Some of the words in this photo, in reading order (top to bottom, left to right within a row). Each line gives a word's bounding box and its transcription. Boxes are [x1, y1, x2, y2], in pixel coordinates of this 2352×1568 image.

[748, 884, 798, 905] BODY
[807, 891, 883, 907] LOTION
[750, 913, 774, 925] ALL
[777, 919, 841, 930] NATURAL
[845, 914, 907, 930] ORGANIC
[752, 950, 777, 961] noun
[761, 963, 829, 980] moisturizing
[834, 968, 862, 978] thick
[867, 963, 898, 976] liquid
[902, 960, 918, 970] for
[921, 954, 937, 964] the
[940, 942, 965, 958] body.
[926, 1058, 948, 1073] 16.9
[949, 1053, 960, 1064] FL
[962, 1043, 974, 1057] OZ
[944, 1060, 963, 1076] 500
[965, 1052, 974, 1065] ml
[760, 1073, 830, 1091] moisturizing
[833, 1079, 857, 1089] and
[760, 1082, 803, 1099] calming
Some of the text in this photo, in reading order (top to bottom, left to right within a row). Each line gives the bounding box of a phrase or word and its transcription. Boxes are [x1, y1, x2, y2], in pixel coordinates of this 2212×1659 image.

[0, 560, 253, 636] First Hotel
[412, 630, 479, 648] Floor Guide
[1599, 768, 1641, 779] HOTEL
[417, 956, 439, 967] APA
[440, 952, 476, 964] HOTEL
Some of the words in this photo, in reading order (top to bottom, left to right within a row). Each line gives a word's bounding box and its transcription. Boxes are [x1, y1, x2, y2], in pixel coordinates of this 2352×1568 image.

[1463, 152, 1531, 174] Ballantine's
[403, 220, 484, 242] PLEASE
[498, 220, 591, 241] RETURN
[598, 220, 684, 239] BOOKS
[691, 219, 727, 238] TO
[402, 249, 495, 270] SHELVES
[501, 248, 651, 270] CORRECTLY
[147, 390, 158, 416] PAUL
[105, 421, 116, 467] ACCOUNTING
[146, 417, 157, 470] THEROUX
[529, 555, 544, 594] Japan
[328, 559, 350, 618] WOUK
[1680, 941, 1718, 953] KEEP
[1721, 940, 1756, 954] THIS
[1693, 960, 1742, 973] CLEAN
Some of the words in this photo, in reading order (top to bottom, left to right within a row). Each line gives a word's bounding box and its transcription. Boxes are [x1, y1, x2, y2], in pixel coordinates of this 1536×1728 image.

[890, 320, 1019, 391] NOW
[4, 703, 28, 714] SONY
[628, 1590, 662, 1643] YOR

● **INSTRUCTIONS FOR THE TASK**: Could you restate all of the lines above without altering a single word?

● **RESPONSE TO THE TASK**:
Some of the words in this photo, in reading order (top to bottom, left to right within a row). Each line gives a word's bounding box and its transcription. Boxes are [x1, y1, x2, y2], in pixel coordinates of this 2352×1568 image.

[748, 884, 798, 905] BODY
[807, 891, 883, 907] LOTION
[750, 913, 774, 925] ALL
[777, 919, 841, 930] NATURAL
[845, 914, 907, 930] ORGANIC
[752, 950, 777, 961] noun
[761, 963, 829, 980] moisturizing
[834, 968, 862, 978] thick
[867, 963, 898, 976] liquid
[902, 960, 918, 970] for
[921, 954, 937, 964] the
[940, 942, 965, 958] body.
[926, 1058, 948, 1073] 16.9
[949, 1053, 960, 1064] FL
[962, 1043, 974, 1057] OZ
[944, 1060, 963, 1076] 500
[965, 1052, 974, 1065] ml
[760, 1073, 830, 1091] moisturizing
[833, 1079, 857, 1089] and
[760, 1082, 803, 1099] calming
Some of the text in this photo, in reading order (top to bottom, left to right within a row). Each line gives the bounding box of a phrase or word and its transcription. Boxes are [x1, y1, x2, y2], in pixel coordinates of this 2212×1659 image.

[0, 560, 253, 636] First Hotel
[412, 630, 479, 648] Floor Guide
[1599, 768, 1641, 779] HOTEL
[417, 956, 439, 967] APA
[440, 952, 476, 964] HOTEL
Some of the words in this photo, in reading order (top to bottom, left to right within a row). Each line gives a word's bounding box and its transcription. Boxes are [x1, y1, x2, y2], in pixel coordinates of this 2352×1568 image.

[1463, 152, 1531, 174] Ballantine's
[403, 220, 484, 242] PLEASE
[498, 220, 591, 241] RETURN
[598, 220, 684, 239] BOOKS
[691, 219, 727, 238] TO
[402, 249, 495, 270] SHELVES
[501, 248, 651, 270] CORRECTLY
[147, 390, 158, 416] PAUL
[105, 421, 116, 467] ACCOUNTING
[146, 417, 157, 470] THEROUX
[529, 555, 544, 594] Japan
[328, 559, 350, 618] WOUK
[1680, 941, 1718, 953] KEEP
[1721, 940, 1756, 954] THIS
[1693, 960, 1742, 973] CLEAN
Some of the words in this photo, in reading order (top to bottom, left to right within a row). Each line gives a word's bounding box and its transcription. Boxes are [x1, y1, x2, y2], in pixel coordinates of this 1536×1728 image.

[890, 320, 1019, 391] NOW
[4, 703, 28, 714] SONY
[628, 1590, 662, 1643] YOR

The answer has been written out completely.